Closes the post-mortemed shared-key replay surface (rotation alone left the design unchanged; this changes the design).

Design

  • New internal_service_hmac_secrets table, versioned, AES-256-GCM at rest, AAD-bound to (caller, key_version), 24h rotation grace via expires_at. Modelled directly on agentic_wallet_hmac_secrets and reuses its encrypt/decrypt helpers (shares AGENTIC_WALLET_HMAC_KMS_KEY for v1; a dedicated key is a documented follow-up).

  • Dual-accept verifier: presence of any X-KH-* header commits to the HMAC path with no fallback to the legacy bearer (prevents an attacker who knows the legacy bearer from appending a junk signature to slip through the looser path). INTERNAL_AUTH_REQUIRE_HMAC=true is the per-environment kill-switch for the legacy path.

  • Consolidates the /api/workflows/events bespoke X-Internal-Token check into the shared verifier. Drops the 500-on-misconfigured-env behaviour (leaks operational state to clients).

  • 12 internal-service consumer routes migrated to a raw-body pattern so the verifier hashes the same bytes that arrive over the wire. The workflow execute route was the highest-risk migration because it consumes the body twice; the raw body is captured once at the top.

  • logInternalAuthEvent fires once per request with caller, scheme, route, ip, key_version, latency. Caller field sanitized to the InternalCaller enum or "unknown" to bound log cardinality. Logs-only for v1 (Prometheus counter and Sentry breadcrumb deferred).

Verification

  • pnpm exec biome check clean on the 21 touched files
  • pnpm type-check clean across the whole codebase
  • pnpm vitest run tests/unit tests/integration: 6132/6132 pass (15 new tests on the verifier + 31 updated integration mocks)
  • pnpm db:migrate against the dev DB applies cleanly; the table exists with the expected PK on (caller, key_version)

Rollout (not in this PR)

This PR lands the server side only. To actually close the hole:

  1. Seed internal_service_hmac_secrets row in staging via scripts/seed-internal-service-hmac.ts.
  2. Migrate the three client repos to send HMAC headers: keeperhub-executor, keeperhub-scheduler, keeperhub-events.
  3. Flip INTERNAL_AUTH_REQUIRE_HMAC=true in staging once all three clients ship; watch the audit-log reject counter for a day.
  4. Repeat in prod.
  5. Follow-up cleanup PR removes the legacy bearer code at least 7 days after the prod flip.

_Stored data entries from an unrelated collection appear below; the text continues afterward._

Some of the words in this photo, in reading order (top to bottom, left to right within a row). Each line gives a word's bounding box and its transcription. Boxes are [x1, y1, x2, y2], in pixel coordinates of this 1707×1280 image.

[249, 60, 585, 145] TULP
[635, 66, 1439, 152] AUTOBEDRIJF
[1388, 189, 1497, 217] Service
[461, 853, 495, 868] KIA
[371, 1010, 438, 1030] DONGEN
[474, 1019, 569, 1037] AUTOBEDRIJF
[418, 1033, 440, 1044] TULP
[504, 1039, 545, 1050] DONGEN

Deliberate scope choices to flag

  • Drizzle migration 0094 is hand-written (per the repo's known drizzle-kit generate breakage). The _journal.json entry uses when=1779843900001 to preserve monotonicity. No snapshot file - the repo already operates without snapshots beyond 0089.
  • Shared signing secret under caller="*shared*" for v1 instead of per-producer rows. Per-producer split is a one-INSERT-plus-env-update follow-up; the audit log already distinguishes callers because the identity is signed into the HMAC.
  • No nonce cache; matches the agentic-wallet precedent.
  • No DB-backed audit table; logs-only via Loki for v1.

suisuss added 2 commits May 29, 2026 13:36
Replaces the bearer-token-only X-Service-Key scheme with HMAC-SHA256
request authentication bound to method, path, caller, body digest, and
unix timestamp. 300-second replay window matches the agentic-wallet
precedent; no server-side nonce cache for the same latency-cost reason.

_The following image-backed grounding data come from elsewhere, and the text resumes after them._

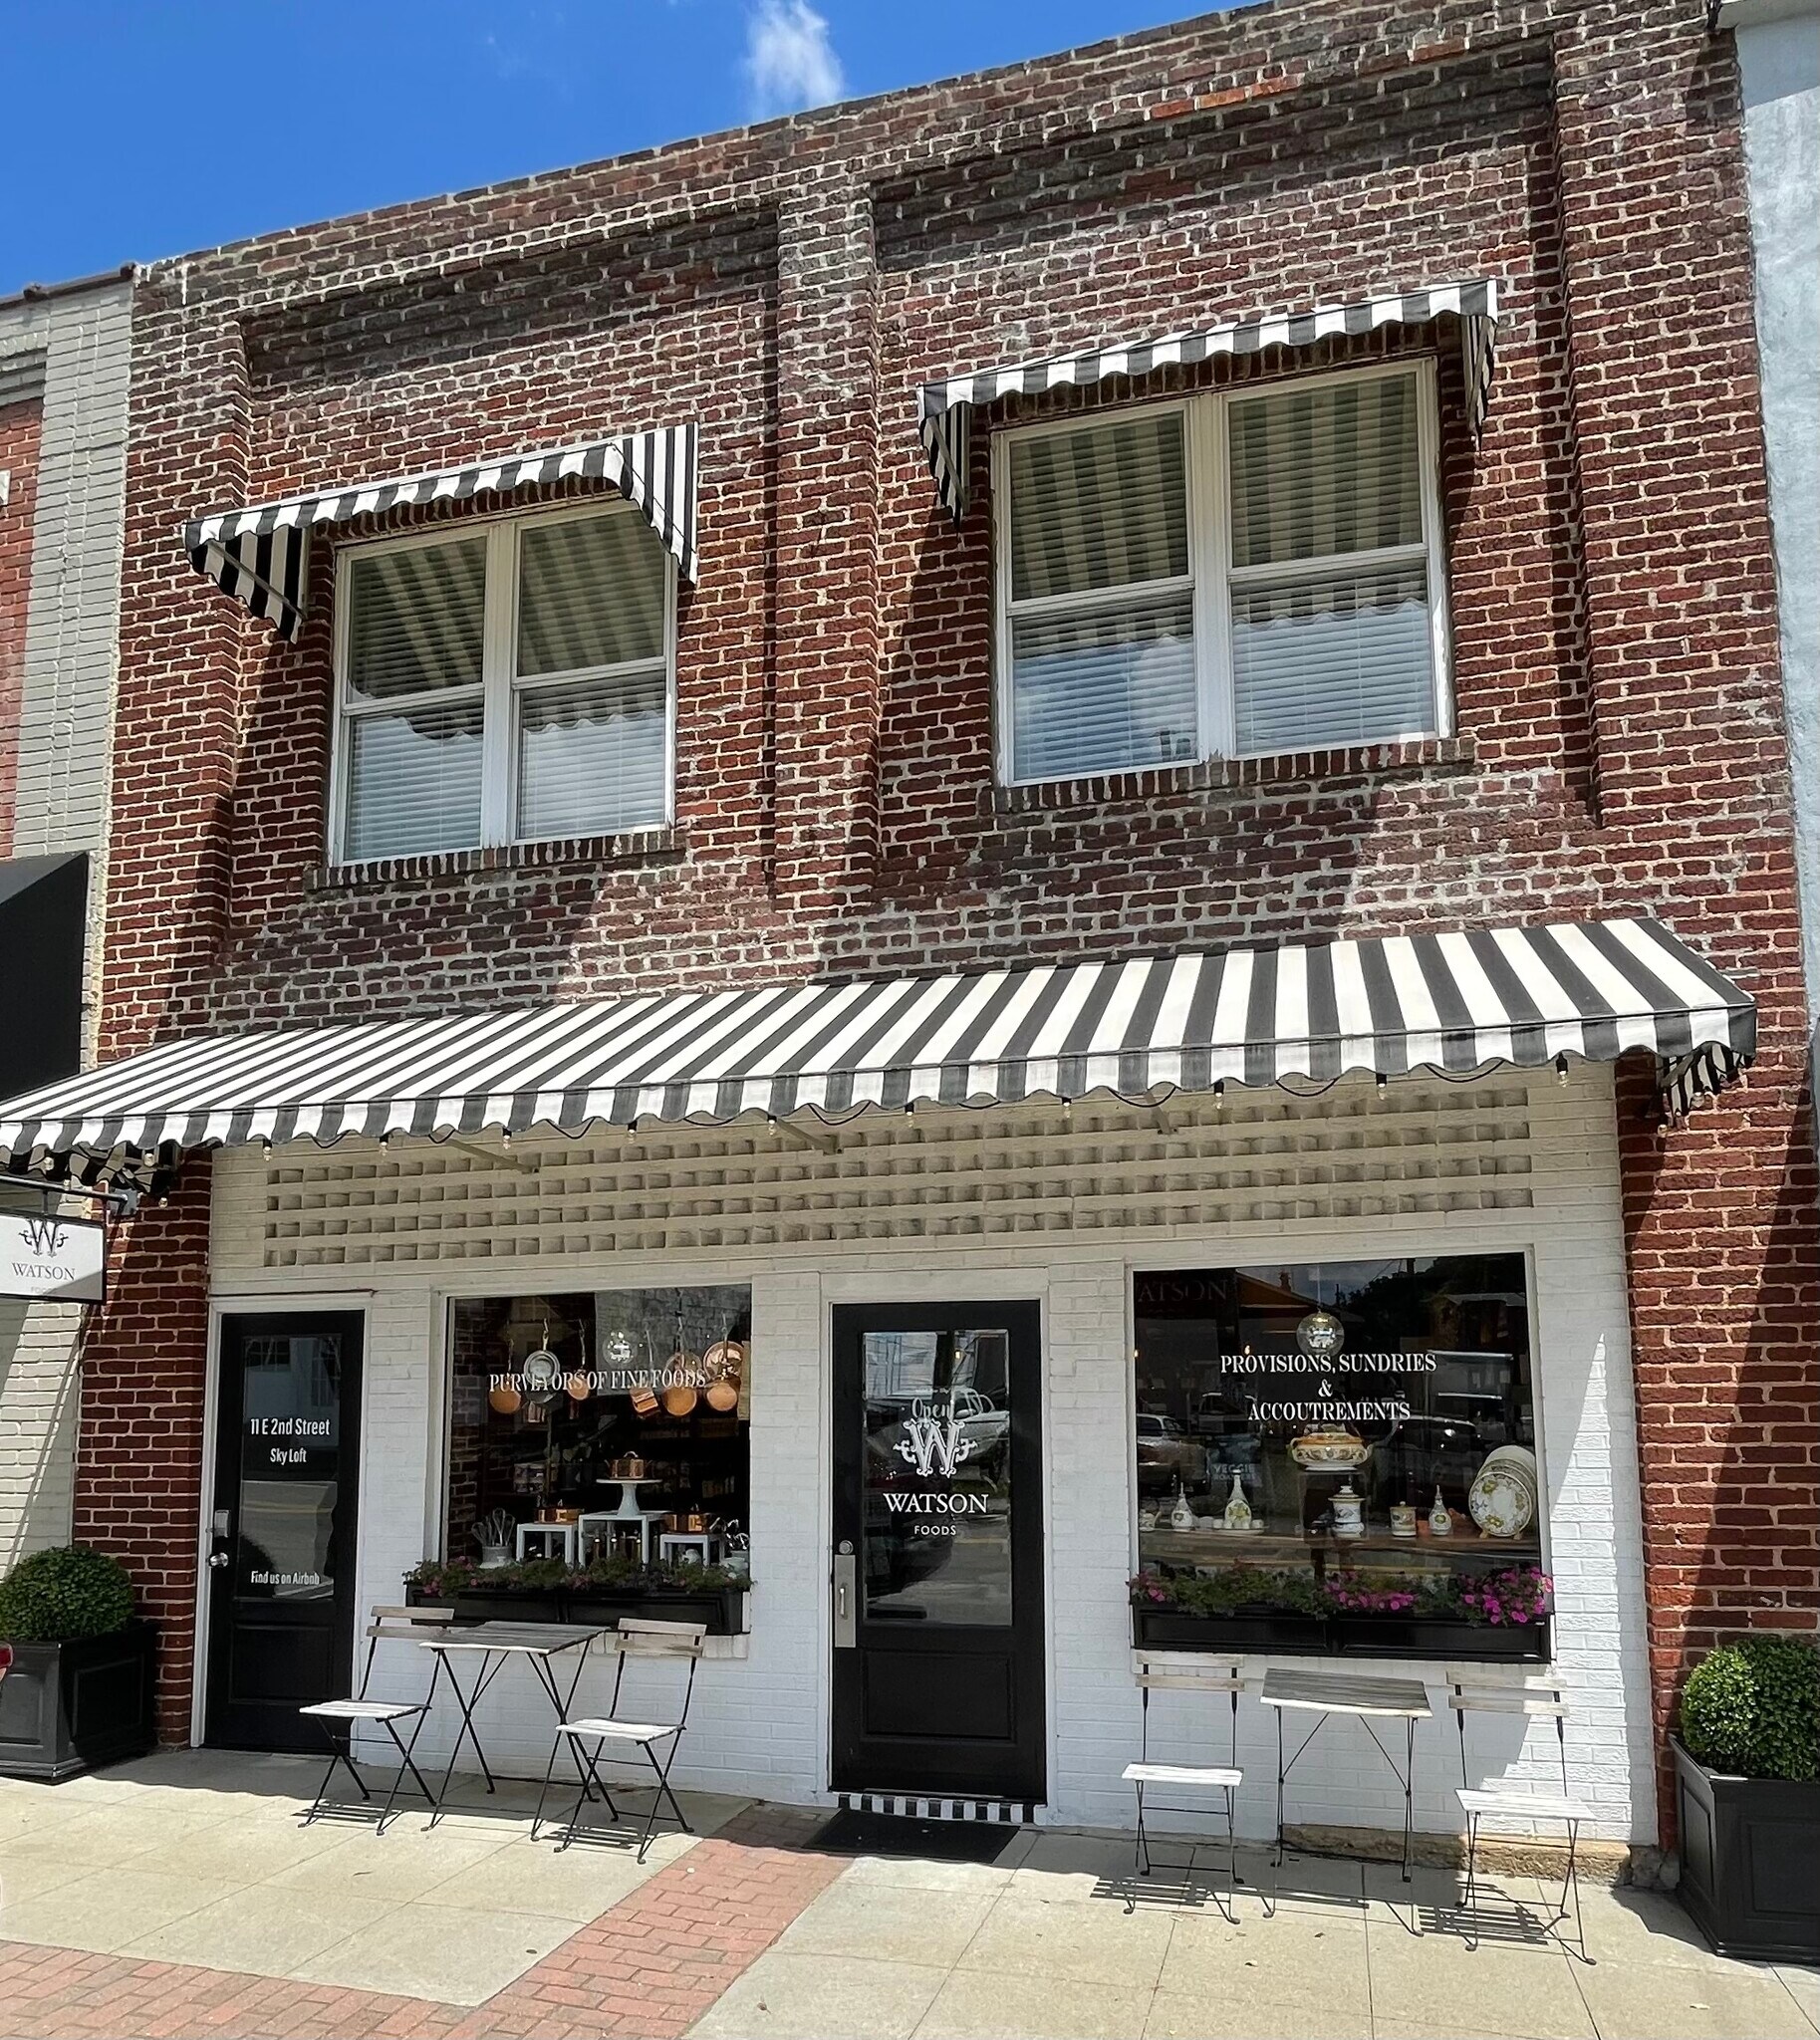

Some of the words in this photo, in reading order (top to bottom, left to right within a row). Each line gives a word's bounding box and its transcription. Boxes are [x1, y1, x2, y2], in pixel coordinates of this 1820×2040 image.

[12, 1262, 76, 1281] WATSON
[1134, 1279, 1228, 1302] ATSON
[1220, 1355, 1336, 1374] PROVISIONS,
[1339, 1353, 1437, 1373] SUNDRIES
[587, 1371, 609, 1390] OF
[611, 1369, 651, 1390] FINE
[651, 1368, 706, 1389] FOODS
[1318, 1379, 1333, 1398] &
[1247, 1402, 1411, 1421] ACCOUTREMENTS
[250, 1418, 260, 1435] 11
[262, 1418, 269, 1435] E
[270, 1417, 293, 1435] 2nd
[295, 1417, 331, 1435] Street
[269, 1447, 288, 1466] Sky
[288, 1447, 307, 1463] Loft
[883, 1492, 989, 1514] WATSON
[913, 1525, 956, 1536] FOODS
[250, 1570, 269, 1584] Find
[269, 1574, 280, 1585] us
[280, 1574, 292, 1585] on
[292, 1571, 320, 1586] Airbnb

Signing secrets move into a new versioned internal_service_hmac_secrets
table modelled on agentic_wallet_hmac_secrets: AES-256-GCM at rest,
AAD-bound to (caller, key_version), 24h rotation grace via expires_at.
v1 reuses AGENTIC_WALLET_HMAC_KMS_KEY (a dedicated key is a documented
follow-up) and stores one shared secret under caller='*shared*' (per-
producer split is a one-row follow-up).

Verifier accepts both schemes during the dual-accept rollout window:

  - presence of any X-KH-* header commits to the HMAC path with NO
    fallback (prevents an attacker who knows the legacy bearer from
    appending a junk signature to slip through the looser path),
  - INTERNAL_AUTH_REQUIRE_HMAC=true rejects all legacy bearers and is
    the per-environment kill-switch,
  - X-Service-Key or X-Internal-Token falls back to the existing
    timingSafeEqual compare against the four *_SERVICE_API_KEY env vars
    plus KEEPERHUB_API_KEY.

Consolidates the /api/workflows/events bespoke X-Internal-Token check
into authenticateInternalService. The 500-on-misconfigured-env path is
intentionally dropped because it leaks operational state to clients.

All 12 internal-service consumer routes migrated to a raw-body pattern
so the HMAC verifier hashes the same bytes that arrive over the wire.
The workflow execute route was the highest-risk migration because it
consumes the body twice; raw body is captured once at the top and
parsed from the captured string thereafter.

Audit log via logInternalAuthEvent fires once per request with caller,
scheme, route, ip, key_version, latency. Caller field sanitized to the
InternalCaller enum or 'unknown' to bound log cardinality. Logs-only
for v1; Prometheus counter and Sentry breadcrumb deferred.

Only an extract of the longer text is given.